#1

def purify(numbers):
new_num=[]
new_numbers=numbers
for num in numbers:
if num%2!=0:
new_num=new_numbers.remove(num)
return new_num

#2

The way you are going about it is kinda wonky.

What is the problem?

``Problem: Remove all odd numbers!``

Ok next how do we do that?

``````if number % 2 == 0:
print(even)``````

Ok so we can find our even numbers good. Now we need to collect only the even numbers.

``````even_numbers = []
for number in numbers:
if number % 2 == 0:
even_numbers.append(number)``````

When you use the method remove it will remove the first entry that it finds not all of them.

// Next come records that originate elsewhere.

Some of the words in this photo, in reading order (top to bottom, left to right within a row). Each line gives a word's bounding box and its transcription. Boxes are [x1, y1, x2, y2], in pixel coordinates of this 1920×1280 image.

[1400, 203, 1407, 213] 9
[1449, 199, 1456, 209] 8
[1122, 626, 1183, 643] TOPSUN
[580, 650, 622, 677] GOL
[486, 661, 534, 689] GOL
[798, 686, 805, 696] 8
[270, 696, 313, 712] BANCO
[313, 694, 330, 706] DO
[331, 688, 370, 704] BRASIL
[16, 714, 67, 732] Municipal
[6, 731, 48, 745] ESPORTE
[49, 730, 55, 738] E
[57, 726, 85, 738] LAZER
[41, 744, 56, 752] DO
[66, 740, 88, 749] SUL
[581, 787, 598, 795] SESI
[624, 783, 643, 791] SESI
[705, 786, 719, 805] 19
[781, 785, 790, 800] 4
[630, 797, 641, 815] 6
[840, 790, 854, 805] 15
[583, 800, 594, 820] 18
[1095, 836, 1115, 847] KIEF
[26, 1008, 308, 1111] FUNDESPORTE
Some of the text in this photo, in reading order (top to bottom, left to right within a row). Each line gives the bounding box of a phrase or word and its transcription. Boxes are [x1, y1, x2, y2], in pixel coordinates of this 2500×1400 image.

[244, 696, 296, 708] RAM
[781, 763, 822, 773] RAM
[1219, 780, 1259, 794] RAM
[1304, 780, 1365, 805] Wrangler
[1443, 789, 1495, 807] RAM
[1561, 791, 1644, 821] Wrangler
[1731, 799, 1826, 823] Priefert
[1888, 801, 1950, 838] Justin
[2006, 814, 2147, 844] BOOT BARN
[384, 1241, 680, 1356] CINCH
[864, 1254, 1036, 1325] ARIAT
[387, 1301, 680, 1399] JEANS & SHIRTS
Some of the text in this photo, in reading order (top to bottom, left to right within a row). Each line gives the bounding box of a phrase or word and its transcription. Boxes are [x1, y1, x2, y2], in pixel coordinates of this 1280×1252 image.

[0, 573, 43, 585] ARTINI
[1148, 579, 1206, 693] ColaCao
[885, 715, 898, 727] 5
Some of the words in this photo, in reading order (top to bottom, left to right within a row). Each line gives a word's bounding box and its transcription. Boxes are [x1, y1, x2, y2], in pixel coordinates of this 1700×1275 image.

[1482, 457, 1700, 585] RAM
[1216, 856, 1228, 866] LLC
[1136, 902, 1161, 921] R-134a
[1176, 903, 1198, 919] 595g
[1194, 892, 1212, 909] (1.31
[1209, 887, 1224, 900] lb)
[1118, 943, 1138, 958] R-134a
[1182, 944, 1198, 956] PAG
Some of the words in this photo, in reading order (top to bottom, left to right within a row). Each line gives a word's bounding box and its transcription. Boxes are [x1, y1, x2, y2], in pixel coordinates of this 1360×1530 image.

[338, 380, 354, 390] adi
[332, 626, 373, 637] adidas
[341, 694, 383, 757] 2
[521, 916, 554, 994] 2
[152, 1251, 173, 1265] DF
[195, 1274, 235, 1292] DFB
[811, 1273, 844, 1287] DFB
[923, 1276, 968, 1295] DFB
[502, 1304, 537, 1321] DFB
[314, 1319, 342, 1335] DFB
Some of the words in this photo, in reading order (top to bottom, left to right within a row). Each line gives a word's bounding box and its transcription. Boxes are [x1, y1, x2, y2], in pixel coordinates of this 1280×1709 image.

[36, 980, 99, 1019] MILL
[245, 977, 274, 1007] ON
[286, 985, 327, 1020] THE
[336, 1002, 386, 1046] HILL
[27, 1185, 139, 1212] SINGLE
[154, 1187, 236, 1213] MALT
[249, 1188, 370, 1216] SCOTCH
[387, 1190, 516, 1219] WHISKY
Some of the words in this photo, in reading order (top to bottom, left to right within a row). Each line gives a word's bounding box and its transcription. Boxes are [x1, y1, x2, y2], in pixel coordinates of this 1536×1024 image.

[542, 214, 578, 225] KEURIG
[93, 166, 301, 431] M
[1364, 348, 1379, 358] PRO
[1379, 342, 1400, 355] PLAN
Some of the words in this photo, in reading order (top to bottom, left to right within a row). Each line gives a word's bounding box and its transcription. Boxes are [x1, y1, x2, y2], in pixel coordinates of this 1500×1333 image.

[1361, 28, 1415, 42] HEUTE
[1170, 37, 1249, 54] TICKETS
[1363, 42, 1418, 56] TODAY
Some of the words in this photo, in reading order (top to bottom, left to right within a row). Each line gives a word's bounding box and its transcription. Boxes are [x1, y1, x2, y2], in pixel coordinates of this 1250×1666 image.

So instead of removing entries lets just build a list of the items that meet our quilifications.

``````list_numbers = [1, 2, 3, 4, 5, 6]
def purify(number_list):
return_list = []
for number in number_list:
if number % 2 == 0:
return_list.append(number)
return return_list``````

It is harder to remove something then it is to make a new list with what you want.

Good luck!

#3

Thank you so much for help me out!

#4

You can also do something like this:

``````def purify(l):
for i in l[:]:    # l[:] will create a copy of list you are looping through
if i % 2 != 0:
l.remove(i)
return l``````